COME SEMPRE è il Regno Unito a raccogliere le maggiori informazioni sulle varianti, perché è il Paese che monitora con la maggiore sistematicità quelle in circolazione. La prima buona notizia è che i vaccini a disposizione mantengono la loro protezione quasi inalterata anche sulla variante indiana, dopo la seconda dose.

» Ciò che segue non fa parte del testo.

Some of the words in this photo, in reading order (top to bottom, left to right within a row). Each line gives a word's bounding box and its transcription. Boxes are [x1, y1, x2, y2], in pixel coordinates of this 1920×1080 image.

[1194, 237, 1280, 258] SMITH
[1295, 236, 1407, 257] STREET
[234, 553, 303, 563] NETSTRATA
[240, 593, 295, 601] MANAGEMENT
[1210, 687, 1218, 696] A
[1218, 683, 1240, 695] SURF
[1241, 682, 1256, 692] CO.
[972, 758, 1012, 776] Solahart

A stabilirlo è uno studio del Public Health England secondo cui l’efficacia del vaccino Pfizer scende appena, dal 93% al 88%, mentre per il vaccino AstraZeneca si passa dal 66 al 60%. La variante riesce però a “bucare” i vaccini nelle persone che hanno ricevuto una sola dose, in cui la protezione scende dal 51% al 33%.

LA PREOCCUPAZIONE degli esperti riguarda invece la contagiosità del virus, che secondo l’ultimo rapporto del Sage (il locale Comitato tecnico scientifico) nella variante indiana è maggiore che in quella inglese: il tasso di trasmissione risulta superiore del 50%. Questo rischia di far tornare al di sopra di 1 l’indice Rt nelle regioni nord-occidentali del Regno Unito. E di rovinare i piani di riapertura del governo di Boris Johnson.

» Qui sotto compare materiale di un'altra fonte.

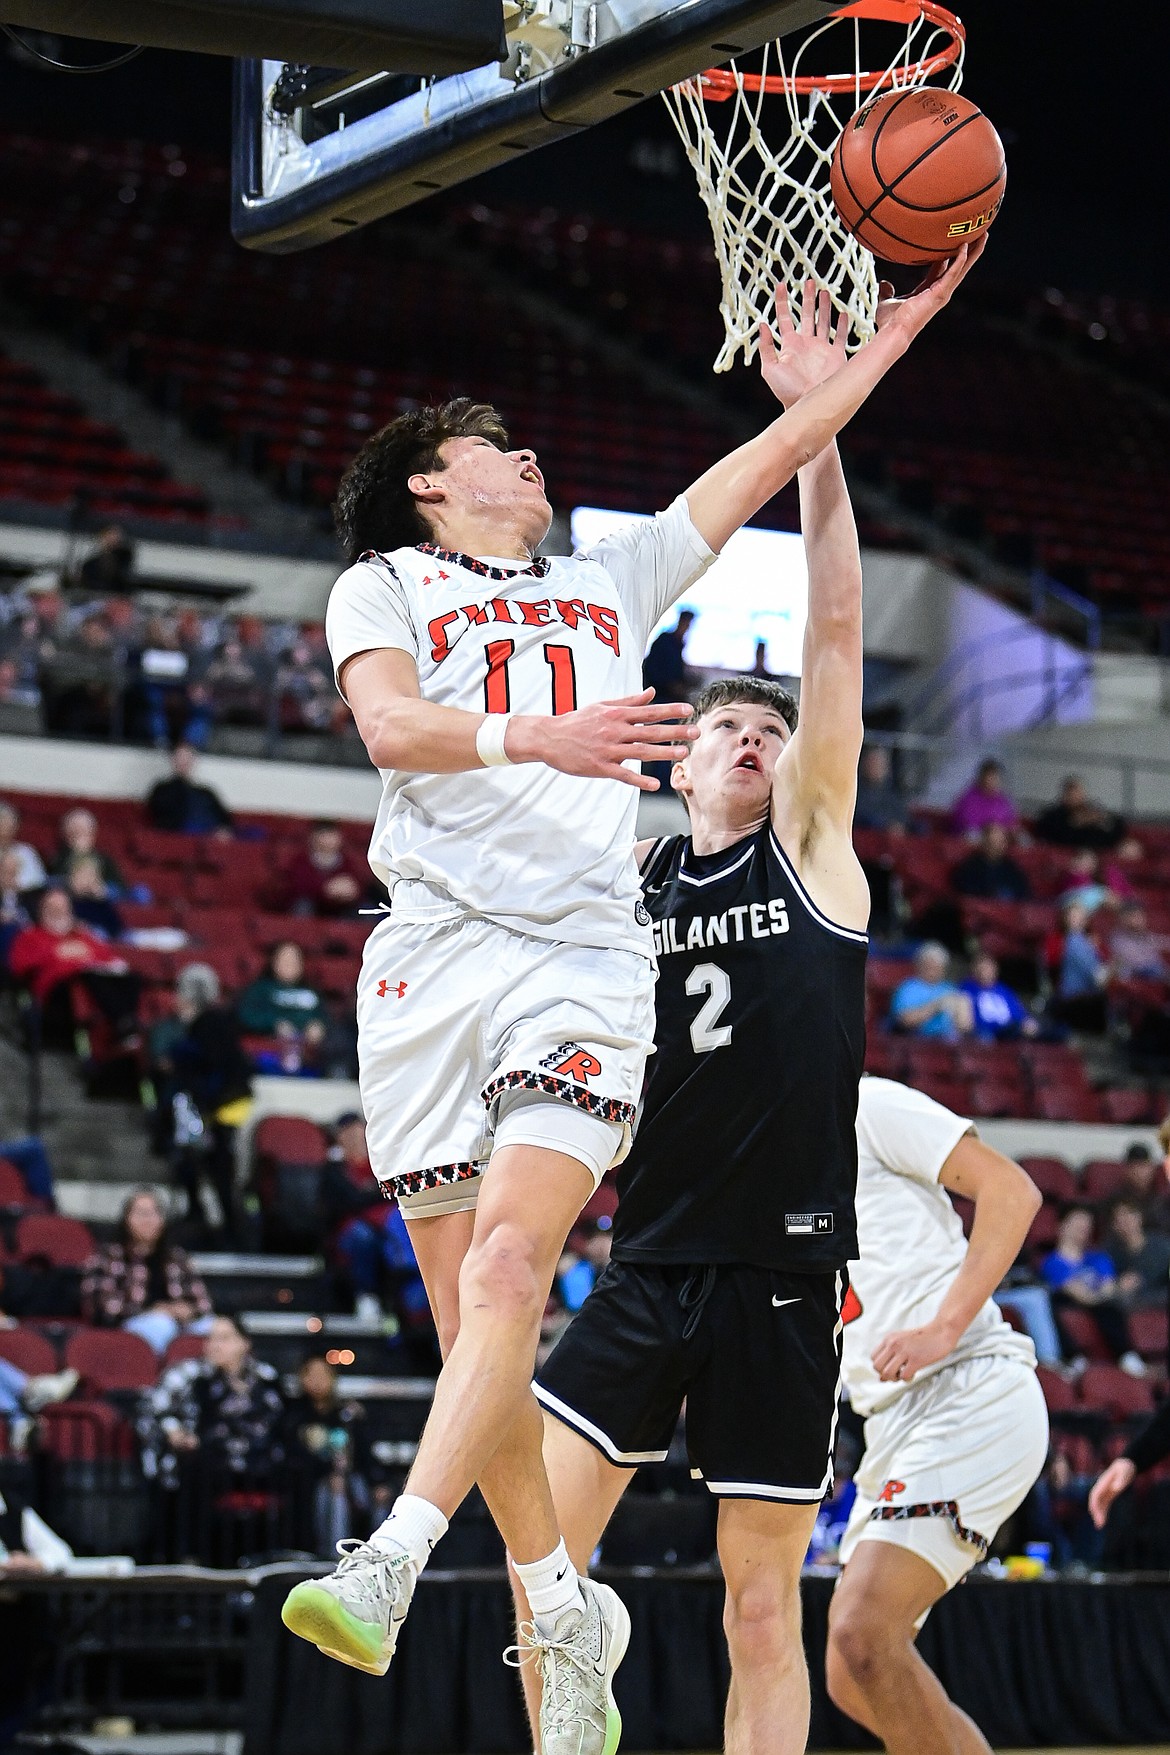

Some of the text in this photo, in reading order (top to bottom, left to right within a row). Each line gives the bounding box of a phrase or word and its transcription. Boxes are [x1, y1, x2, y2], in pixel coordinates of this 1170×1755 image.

[428, 598, 621, 663] CHIEFS
[484, 639, 578, 716] 11
[653, 898, 790, 957] GILANTES
[685, 962, 733, 1054] 2
[551, 1049, 602, 1085] R
[818, 1218, 828, 1229] M

Ma molti esperti mettono in dubbio l’affidabilità di queste stime. «Penso che sia molto difficile valutare la trasmissibilità intrinseca della variante B.1.617.2 quando i numeri sono troppo piccoli e l’unico termine di paragone (la variante B.1.1.7) è in declino. Ci sono molti potenziali fattori confondenti» scrive su Twitter il biologo molecolare Andrew Rambaut, professore all’università di Edimburgo e membro del Covid Genomics Uk Consortium (Cog-Uk).

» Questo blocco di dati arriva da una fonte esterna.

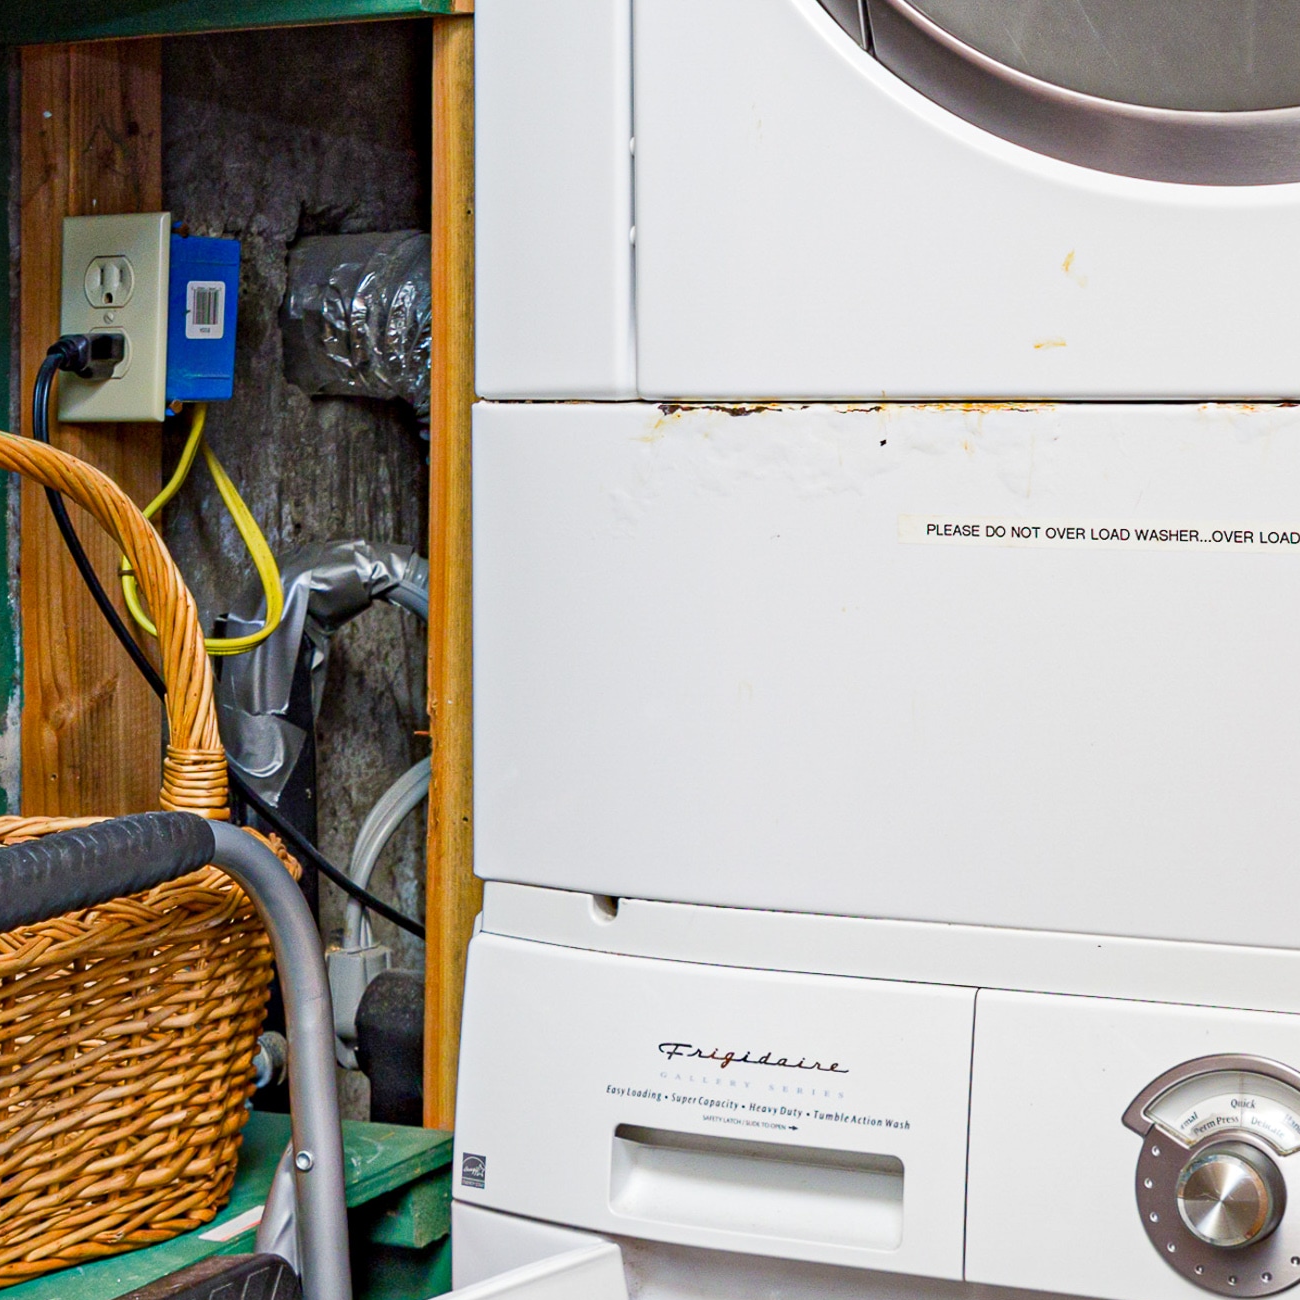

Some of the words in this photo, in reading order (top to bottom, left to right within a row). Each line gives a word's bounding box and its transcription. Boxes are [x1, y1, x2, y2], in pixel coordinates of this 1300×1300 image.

[926, 523, 981, 537] PLEASE
[985, 525, 1007, 538] DO
[1011, 526, 1042, 539] NOT
[1045, 527, 1086, 540] OVER
[1090, 528, 1131, 541] LOAD
[658, 1042, 850, 1074] Frigidaire
[660, 1070, 751, 1089] GALLERY
[768, 1084, 845, 1100] SERIES
[606, 1084, 626, 1097] Easy
[626, 1087, 662, 1102] Loading
[671, 1092, 697, 1105] Super
[698, 1096, 739, 1111] Capacity
[749, 1103, 778, 1116] Heavy
[779, 1106, 803, 1119] Duty
[813, 1110, 850, 1124] Tumble
[850, 1115, 883, 1127] Action
[885, 1119, 911, 1130] Wash
[1230, 1098, 1257, 1110] Quick
[1192, 1119, 1216, 1136] Perm
[1216, 1115, 1240, 1126] Press

ALLA DIFFUSIONE della variante indiana il governo risponde con test e vaccinazioni a tappeto nelle aree in cui si sospetta che la variante abbia attecchito: Bolton, Blackburn, Bedford.

L’ondata di test e vaccini è servita a tenere sotto controllo l’espansione dei focolai della variante sudafricana, ben più temibile in quanto essa è in grado di aggirare l’immunità acquisita e vanificare le campagne vaccinali.

Dato che la diffusione dei virus non rispetta le frontiere, anche il resto dell’Europa avrà presto a che fare con la variante indiana. Nessuno però dispone di un sistema di sorveglianza paragonabile a quello britannico. L’Italia avrebbe dovuto dotarsene, secondo uno degli ultimi atti firmati dal governo Conte. Il 27 gennaio 2021 il governo ha varato il “Consorzio italiano per la genotipizzazione e fenotipizzazione di Sars-Cov2 e per il monitoraggio della risposta immunitaria alla vaccinazione”. Nell’idea dei proponenti, avrebbe dovuto essere una rete di laboratori in grado di fornire in tempo reale il quadro sulle varianti del coronavirus che circolano in Italia, coordinata dall’Istituto Superiore di Sanità (Iss) con il patrocinio della Società italiana di virologia. Ma il consorzio non è mai partito. All’Iss si attendono novità dal ministero della salute, che dovrebbe dare realtà giuridica al “consorzio”, e per ora nessuno ha nulla da dichiarare. Il direttore generale della prevenzione Gianni Rezza rimanda la palla al governo: «Più che un consorzio è un programma con una serie di sottoprogetti in attesa di una fonte di finanziamento», spiega, perché tutto quanto è stato fatto sinora da Iss, Ministero e laboratori regionali finora non ha ricevuto fondi aggiuntivi ed è stato realizzato dando fondo alle risorse esistenti. Rezza si riferisce in particolare alla sorveglianza genomica effettuata sul territorio e alle “indagini rapide”, l’unica attività sistematica di rilevazione dei ceppi virali compiuta su base mensile (l’ultima risale ormai al 20 aprile), in cui si valuta la presenza delle varianti a partire da un campione di tamponi raccolti nelle regioni.

COME SPIEGA un rapporto diffuso ieri dall’Iss, la variante inglese in aprile rappresentava quasi il 92% dei ceppi circolanti in Italia. Dal 28 dicembre 2020 a oggi, della variante indiana sono stati censiti in tutto 5 casi, tra indagini rapide e l’ordinaria sorveglianza. Ma si tratta di dati molto frammentari: finora solo l’1,11% dei tamponi positivi è stato sequenziato per verificarne il ceppo virale. Il prossimo venerdì sono attesi i risultati di una nuova indagine rapida, e lì si capirà se anche l’Italia deve cambiare marcia contro la variante indiana.